REQUIREMENT: At the line with "this 1250×1667 image.", start repeating the data, and continue line by line through the final line, exactly.

DATA EXCERPTS Block Start

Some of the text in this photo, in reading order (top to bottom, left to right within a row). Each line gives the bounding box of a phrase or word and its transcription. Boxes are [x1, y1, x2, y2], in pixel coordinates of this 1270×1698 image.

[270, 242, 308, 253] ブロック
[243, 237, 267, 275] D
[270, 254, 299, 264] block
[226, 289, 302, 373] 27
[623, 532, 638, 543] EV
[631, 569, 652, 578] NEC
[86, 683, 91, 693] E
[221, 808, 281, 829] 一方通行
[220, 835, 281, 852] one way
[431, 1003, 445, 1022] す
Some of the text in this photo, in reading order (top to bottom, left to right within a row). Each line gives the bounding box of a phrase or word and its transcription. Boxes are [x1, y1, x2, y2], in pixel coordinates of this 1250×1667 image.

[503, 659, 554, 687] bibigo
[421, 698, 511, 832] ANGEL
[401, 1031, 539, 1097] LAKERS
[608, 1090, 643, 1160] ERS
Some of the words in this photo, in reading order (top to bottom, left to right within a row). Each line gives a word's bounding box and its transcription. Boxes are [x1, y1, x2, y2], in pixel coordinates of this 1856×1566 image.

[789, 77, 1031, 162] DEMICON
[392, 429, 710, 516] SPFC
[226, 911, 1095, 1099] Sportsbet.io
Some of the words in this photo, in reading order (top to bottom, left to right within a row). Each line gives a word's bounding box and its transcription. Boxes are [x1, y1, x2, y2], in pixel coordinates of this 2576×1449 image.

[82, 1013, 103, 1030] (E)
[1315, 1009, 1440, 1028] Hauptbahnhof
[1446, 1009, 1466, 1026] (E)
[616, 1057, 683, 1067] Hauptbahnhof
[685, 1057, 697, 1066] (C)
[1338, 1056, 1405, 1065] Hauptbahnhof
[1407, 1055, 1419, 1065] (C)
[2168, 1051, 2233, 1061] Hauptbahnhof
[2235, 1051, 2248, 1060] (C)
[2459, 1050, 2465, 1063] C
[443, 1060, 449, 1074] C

DATA EXCERPTS Block End

RESULT:
Some of the text in this photo, in reading order (top to bottom, left to right within a row). Each line gives the bounding box of a phrase or word and its transcription. Boxes are [x1, y1, x2, y2], in pixel coordinates of this 1250×1667 image.

[503, 659, 554, 687] bibigo
[421, 698, 511, 832] ANGEL
[401, 1031, 539, 1097] LAKERS
[608, 1090, 643, 1160] ERS
Some of the words in this photo, in reading order (top to bottom, left to right within a row). Each line gives a word's bounding box and its transcription. Boxes are [x1, y1, x2, y2], in pixel coordinates of this 1856×1566 image.

[789, 77, 1031, 162] DEMICON
[392, 429, 710, 516] SPFC
[226, 911, 1095, 1099] Sportsbet.io
Some of the words in this photo, in reading order (top to bottom, left to right within a row). Each line gives a word's bounding box and its transcription. Boxes are [x1, y1, x2, y2], in pixel coordinates of this 2576×1449 image.

[82, 1013, 103, 1030] (E)
[1315, 1009, 1440, 1028] Hauptbahnhof
[1446, 1009, 1466, 1026] (E)
[616, 1057, 683, 1067] Hauptbahnhof
[685, 1057, 697, 1066] (C)
[1338, 1056, 1405, 1065] Hauptbahnhof
[1407, 1055, 1419, 1065] (C)
[2168, 1051, 2233, 1061] Hauptbahnhof
[2235, 1051, 2248, 1060] (C)
[2459, 1050, 2465, 1063] C
[443, 1060, 449, 1074] C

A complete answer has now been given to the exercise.